# Prompt
In the answer, each entry below appears exactly as given, and no picture appears at all.

# Data for analysis
· · · · ·

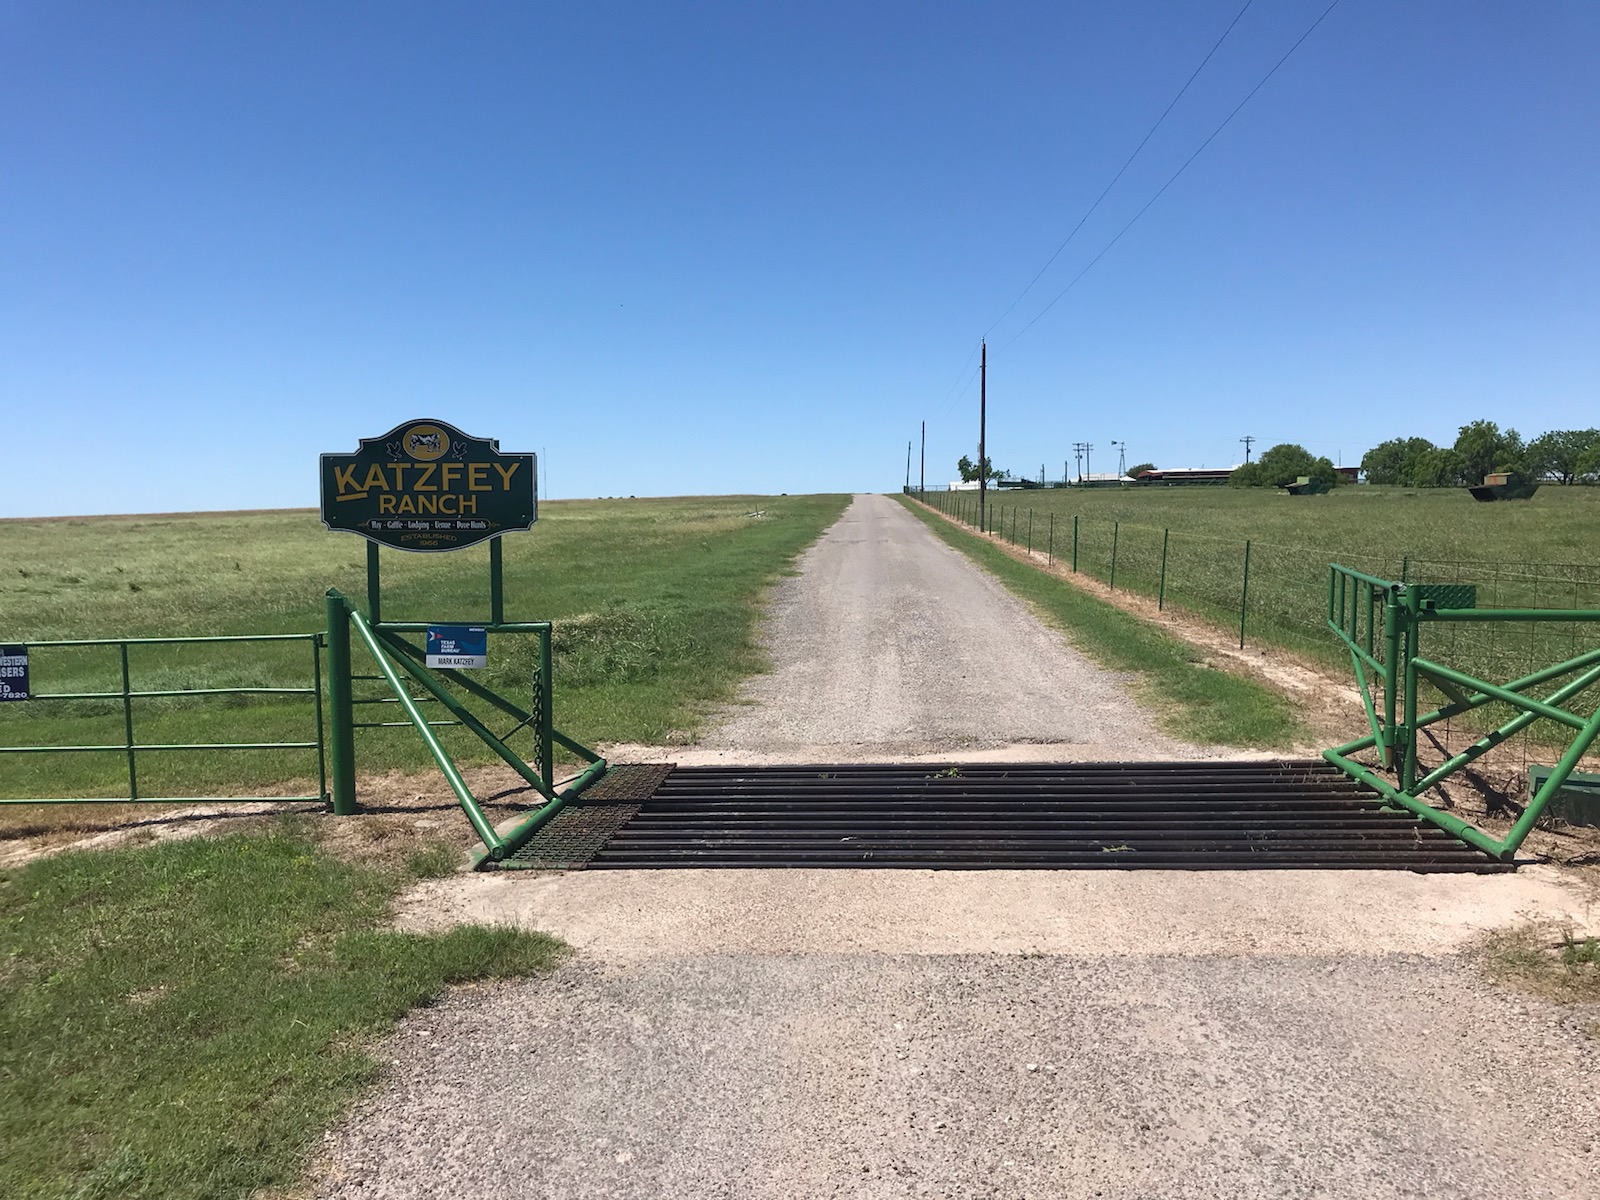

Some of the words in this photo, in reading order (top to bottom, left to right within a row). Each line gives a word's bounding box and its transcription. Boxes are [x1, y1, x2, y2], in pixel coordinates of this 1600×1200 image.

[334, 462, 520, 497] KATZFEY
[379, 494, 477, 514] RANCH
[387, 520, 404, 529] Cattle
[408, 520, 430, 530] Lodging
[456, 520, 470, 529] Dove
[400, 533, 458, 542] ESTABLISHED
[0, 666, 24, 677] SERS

· · · · ·

# Your solution
Some of the words in this photo, in reading order (top to bottom, left to right within a row). Each line gives a word's bounding box and its transcription. Boxes are [x1, y1, x2, y2], in pixel coordinates of this 1600×1200 image.

[334, 462, 520, 497] KATZFEY
[379, 494, 477, 514] RANCH
[387, 520, 404, 529] Cattle
[408, 520, 430, 530] Lodging
[456, 520, 470, 529] Dove
[400, 533, 458, 542] ESTABLISHED
[0, 666, 24, 677] SERS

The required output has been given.